Nel nostro Paese sentiamo sempre più parlare di alta velocità, di città distanti centinaia di chilometri raggiungibili in poco tempo grazie a treni superveloci. Investimenti massicci in cose che fanno più effetto, ma che poi, nella pratica quotidiana servono a pochi professionisti, a turisti o quanti devono spostarsi saltuariamente per qualche commissione. Il vero problema è il trasporto pendolare, quello utilizzato da lavoratori e studenti ogni giorni, per raggiungere il proprio luogo di lavoro o l'università e la scuola. Trattasi di una vera nota dolente, tanto per il trasporto su gomma che su quello su ferro.

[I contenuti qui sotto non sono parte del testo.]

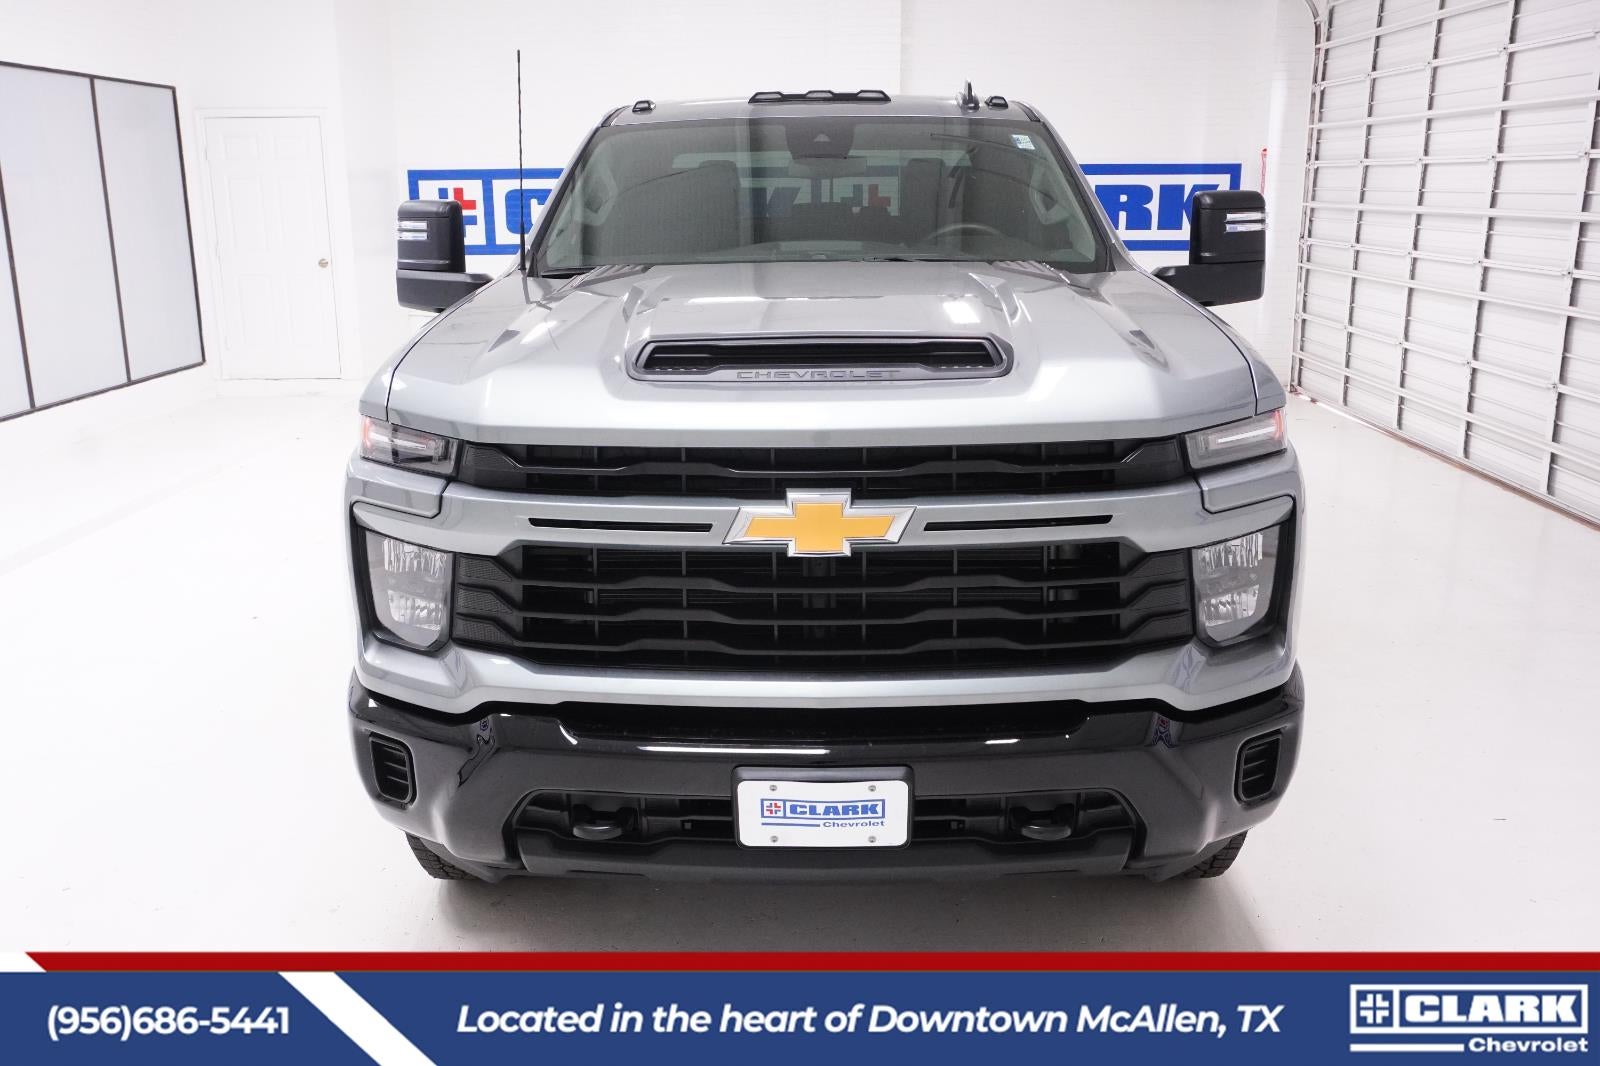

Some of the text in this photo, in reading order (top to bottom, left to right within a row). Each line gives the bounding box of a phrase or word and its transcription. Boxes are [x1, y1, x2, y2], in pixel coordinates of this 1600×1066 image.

[736, 369, 901, 380] CHEVROLET
[789, 803, 879, 816] CLARK
[822, 820, 885, 828] Chevrolet
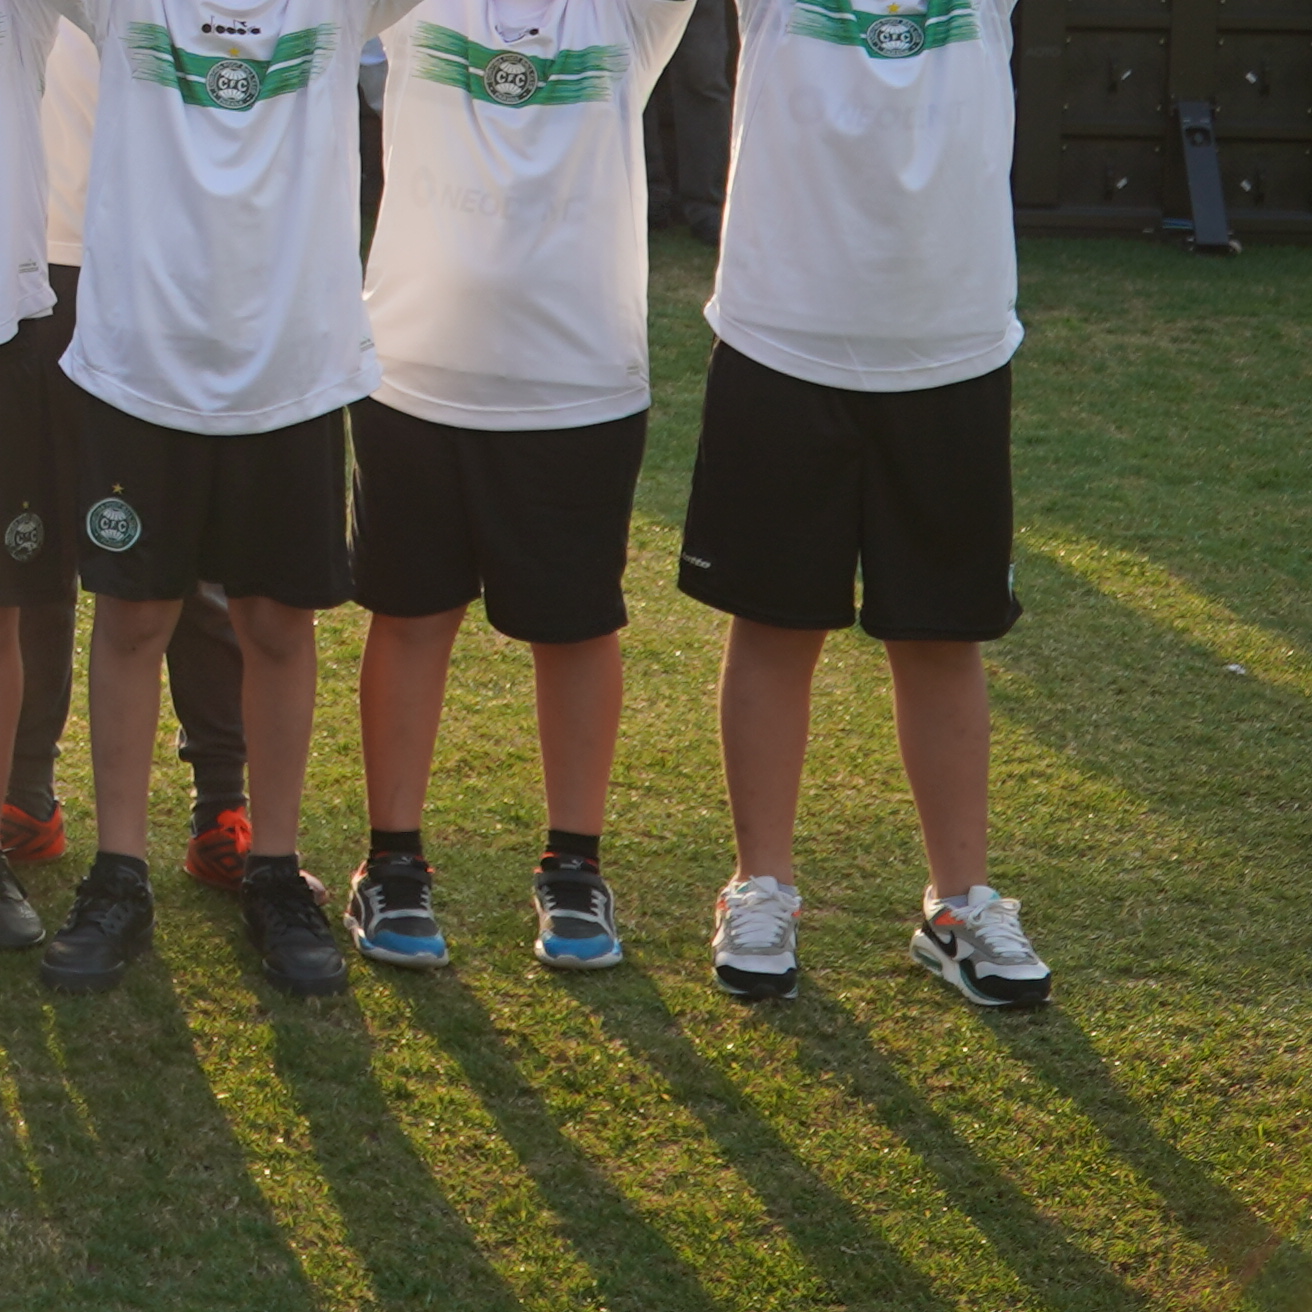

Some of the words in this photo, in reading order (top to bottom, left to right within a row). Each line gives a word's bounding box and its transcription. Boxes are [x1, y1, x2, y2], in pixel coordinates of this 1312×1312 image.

Anche quest'anno Legambiente si è occupato dello stato di salute del trasporto ferroviario regionale, con il rapporto Campagna pendolaria. Vediamo quali sono le dieci linee più disastrose, in termini di ritardi e soppressioni.
Quasi tutte al centro-sud
Le linee che andrebbero migliorate (e di molto) o che andrebbero evitate, si trovano quasi tutte, manco a dirlo, al Centro-sud: la Roma Termini-Ciampino-Castelli Romani, la Circumflegrea, la Bergamo-Milano, la Siracusa-Ragusa-Gela, la Portogruaro-Venezia. E ancora laCatanzaro-Lido-Lamezia Terme, la Salerno-Potenza e la Campobasso-Isernia-Roma. Poi ci sono le linee soppresse, con la Regione Piemonte in testa a tutte: ben quattordici nell'ultimo triennio, mentre un'altra linea tra Lombardia ed Emilia Romagna pure è stata eliminata: la Cremona-Piacenza.

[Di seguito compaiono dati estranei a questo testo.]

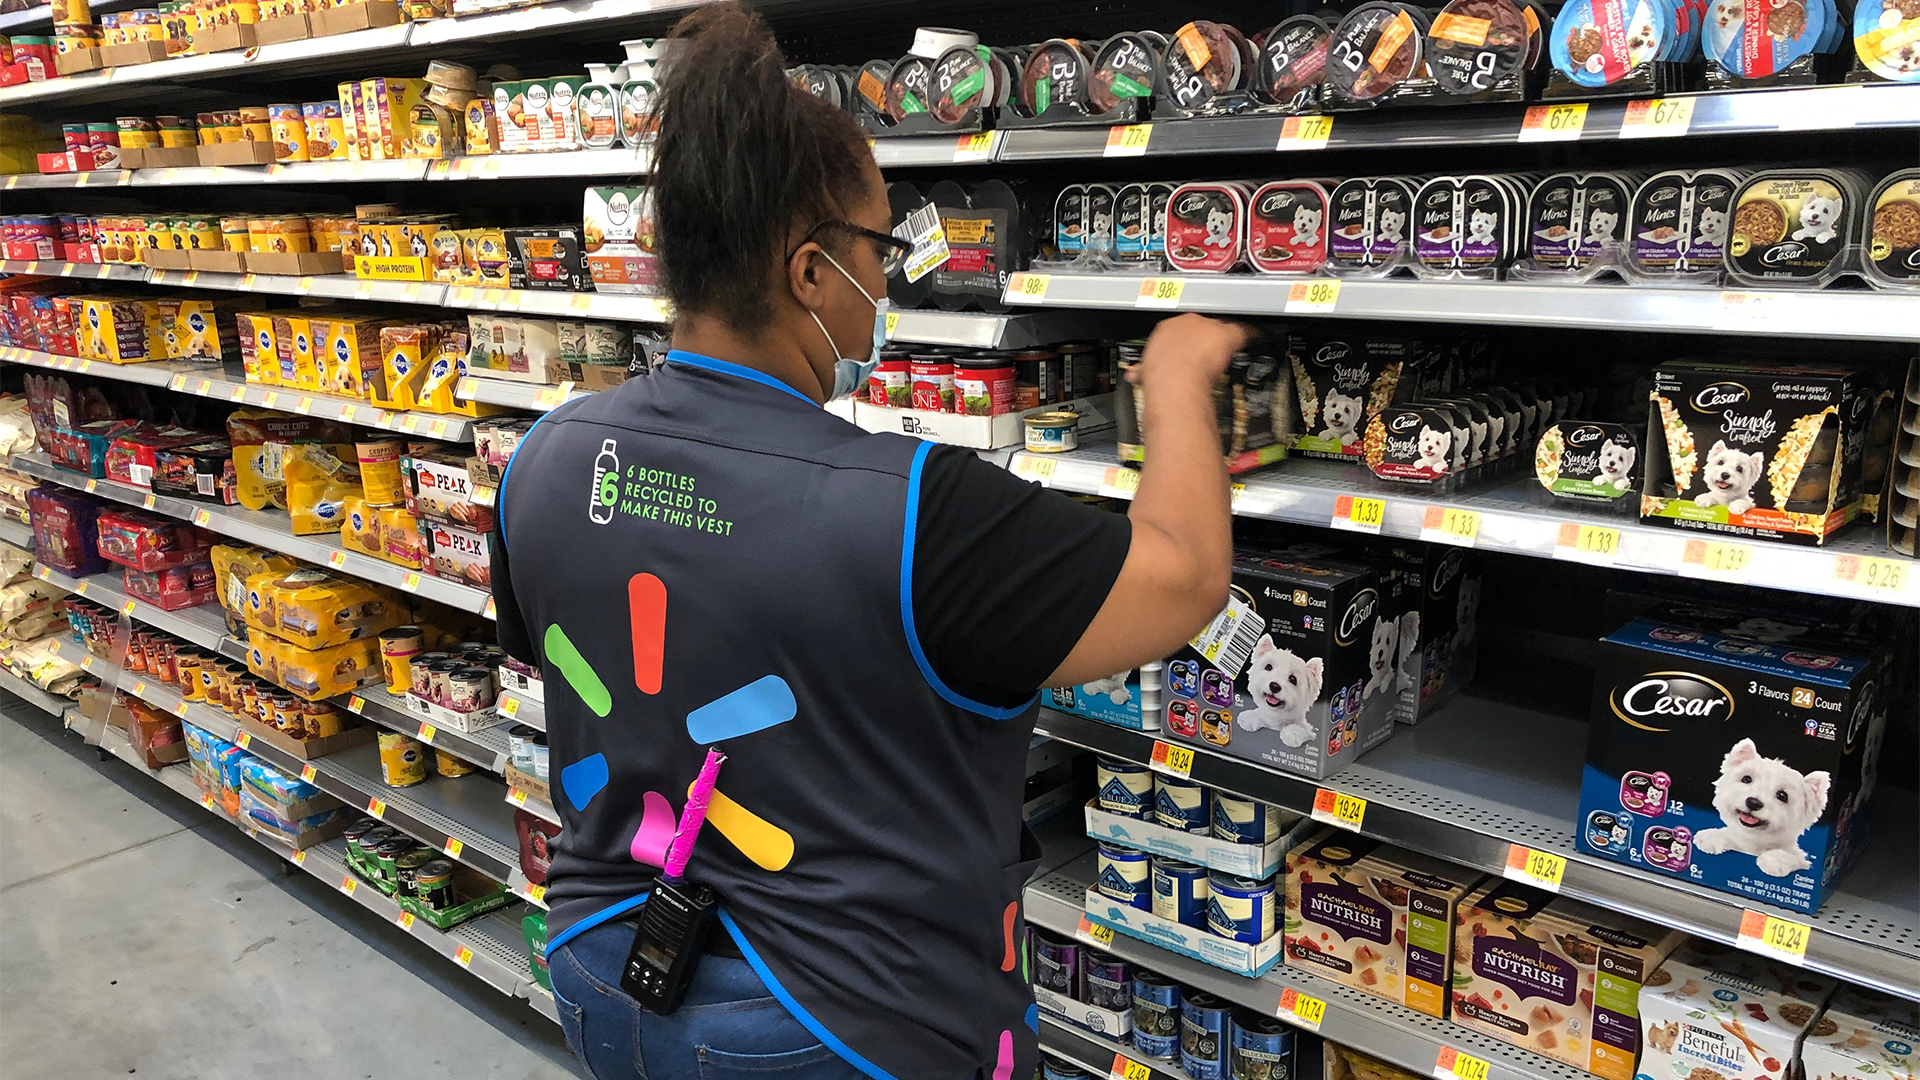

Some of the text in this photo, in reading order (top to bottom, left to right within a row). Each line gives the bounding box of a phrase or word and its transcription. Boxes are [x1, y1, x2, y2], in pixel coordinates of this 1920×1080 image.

Il tutto, mentre si continua ad aumentare il biglietto singolo o gli abbonamenti per i poveri bistrattati pendolari.
I tagli
Volendo trarre delle percentuali, occorre dire che l'Abruzzo si pone tra quella più sanguinaria con il ventuno percento delle soppressioni; seguono la Campania e la Sicilia, col diciannove percento.
Prima parlavamo di aumenti del costo del biglietto. Capofila si pone ancora il Piemonte, con un +47%, poi la Ligura col 41% e completano il podio Abruzzo e Umbria, col 25%. Come si può notare, paradossalmente, proprio quelle regioni che più delle altre hanno tagliato.